June 27, 2014
Photo: Shezamm/creative commons
Two major announcements from Duke Energy suggest that the advance of utility-scale solar power in North Carolina appears to be picking up speed. Firstly, Duke Energy Renewables announced it would build 3 large-scale solar farms in Eastern NC, totalling 52MW of installed capacity. As Charlotte Business Journal reports, this deal was made possible by a 20-year power purchase agreement with American University, George Washingon University, and George Washington University Hospital and, as such, the location of the project is crucial:
The eastern North Carolina location is key for the project. The three institutions were determined to buy power from a new renewable source built in the PJM grid service region that serves Washington.
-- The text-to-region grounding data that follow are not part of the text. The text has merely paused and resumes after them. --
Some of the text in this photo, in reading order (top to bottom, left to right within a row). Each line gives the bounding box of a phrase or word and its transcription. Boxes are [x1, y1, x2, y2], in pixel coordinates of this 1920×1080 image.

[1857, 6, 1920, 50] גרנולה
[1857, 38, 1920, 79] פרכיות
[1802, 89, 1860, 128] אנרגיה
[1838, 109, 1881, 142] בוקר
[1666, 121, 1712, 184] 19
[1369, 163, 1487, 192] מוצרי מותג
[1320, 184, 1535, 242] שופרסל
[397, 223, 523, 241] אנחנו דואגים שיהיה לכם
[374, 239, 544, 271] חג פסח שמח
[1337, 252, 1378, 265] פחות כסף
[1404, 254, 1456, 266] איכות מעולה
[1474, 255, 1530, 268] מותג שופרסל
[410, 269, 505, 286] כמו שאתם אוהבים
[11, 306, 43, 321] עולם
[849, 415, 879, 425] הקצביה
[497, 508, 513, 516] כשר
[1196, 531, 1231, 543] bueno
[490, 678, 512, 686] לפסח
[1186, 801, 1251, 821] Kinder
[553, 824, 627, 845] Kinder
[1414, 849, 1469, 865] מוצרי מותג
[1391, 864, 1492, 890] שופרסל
The project is also notable because, according to Doug Kudravetz, the interim CEO at American University, the institutions were expecting a wind power purchase to be the cheapest option. This underlines once again how fast solar is becoming competitive with more established sources of energy.
Meanwhile The Wall Street Journal Market Watch reports that Duke Energy has also approved an 80MW solar farm to be built in central North Carolina—dwarfing the size of existing solar farms in the state. (This is just one of over 620MW of solar projects proposed by Asheville-based Innovative Solar Systems:
Innovative Solar 37, LLC is an 80MW solar farm project that will be located in the middle of the state to be built on approximately five hundred acres of leased land and will supply enough electricity to power approximately 20,000 small to medium size homes. The CEO of Innovative Solar Systems, John Green states that this is the largest solar farm approved to be built to date in the state of North Carolina. This project is a ground mounted type solar farm system and will employ roughly 300,000 solar photovoltaic panels and eighty inverters that will feed the energy to the Duke grid.
With broad support for solar power crossing party lines in North Carolina, it seems likely these latest developments will be welcomed across the state.